**Task statement**:
Set the listing down again in full, word for word, with the pictures left out.

**Data for the task**:
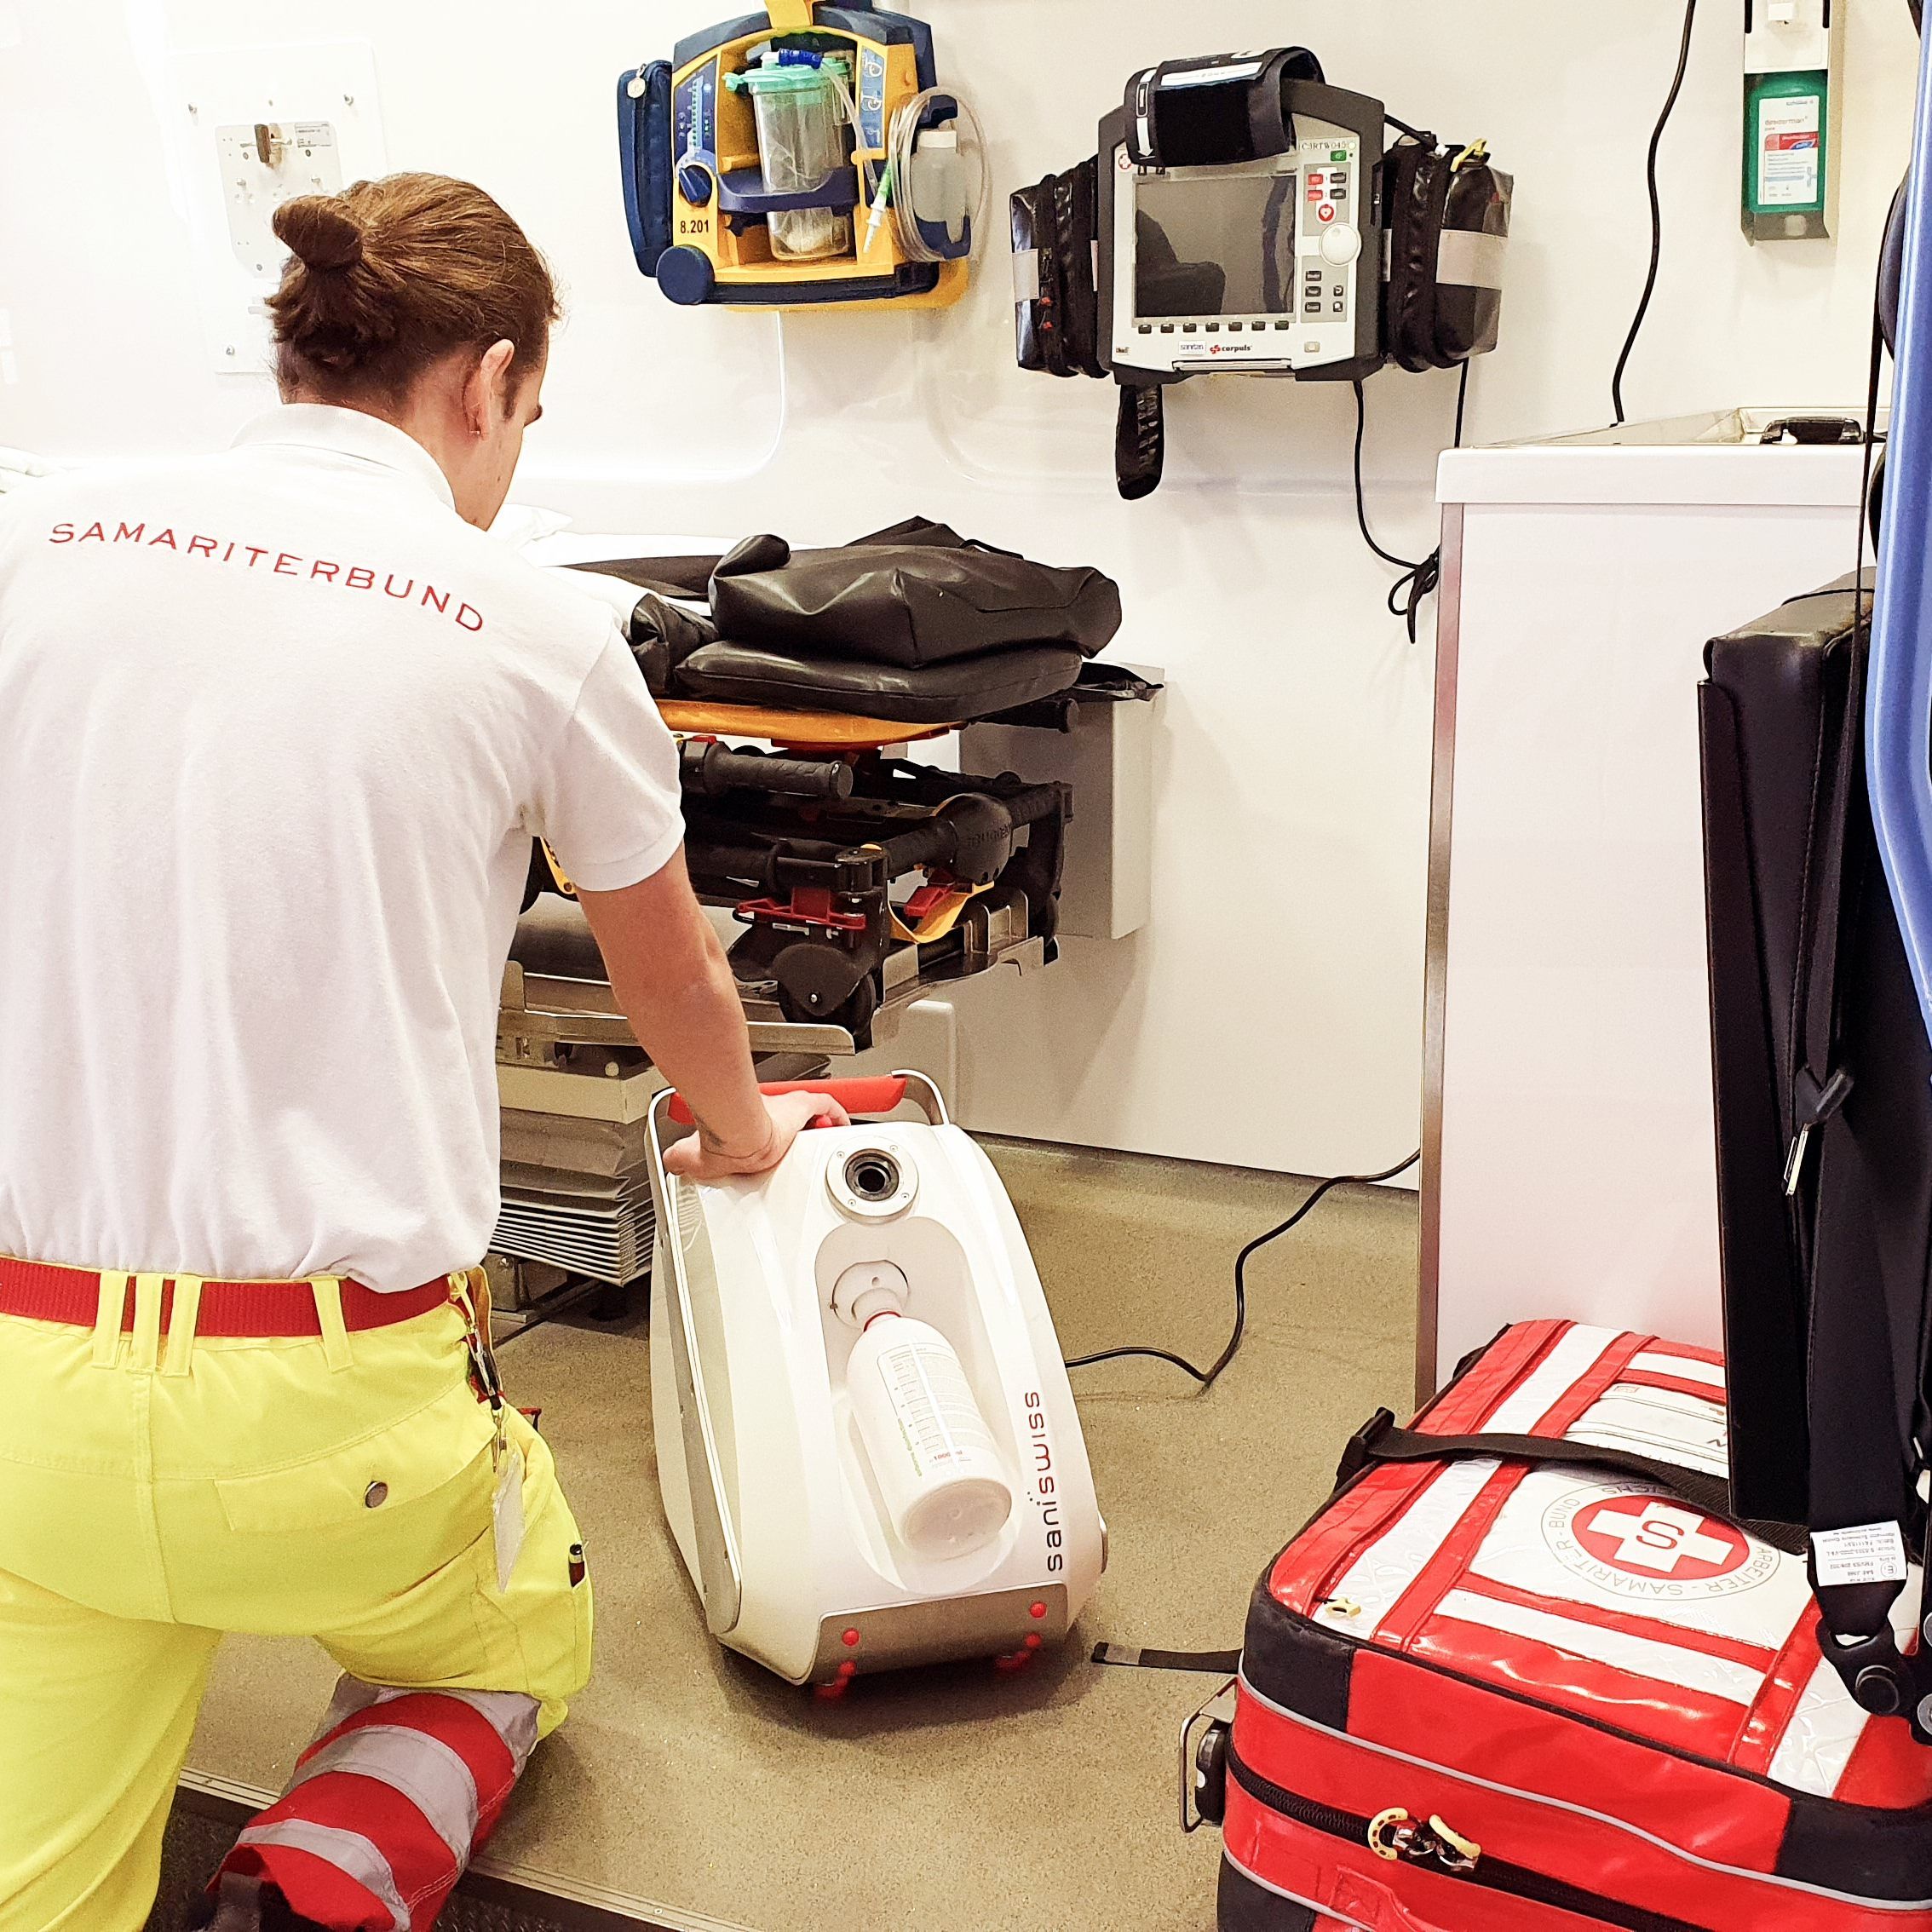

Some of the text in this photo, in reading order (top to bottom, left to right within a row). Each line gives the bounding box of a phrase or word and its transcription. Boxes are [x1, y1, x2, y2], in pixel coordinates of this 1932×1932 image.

[680, 219, 709, 233] 8.201
[1222, 344, 1251, 354] corpuls
[49, 521, 484, 633] SAMARITERBUND
[1636, 1520, 1684, 1550] S

**Response below**:
Some of the text in this photo, in reading order (top to bottom, left to right within a row). Each line gives the bounding box of a phrase or word and its transcription. Boxes are [x1, y1, x2, y2], in pixel coordinates of this 1932×1932 image.

[680, 219, 709, 233] 8.201
[1222, 344, 1251, 354] corpuls
[49, 521, 484, 633] SAMARITERBUND
[1636, 1520, 1684, 1550] S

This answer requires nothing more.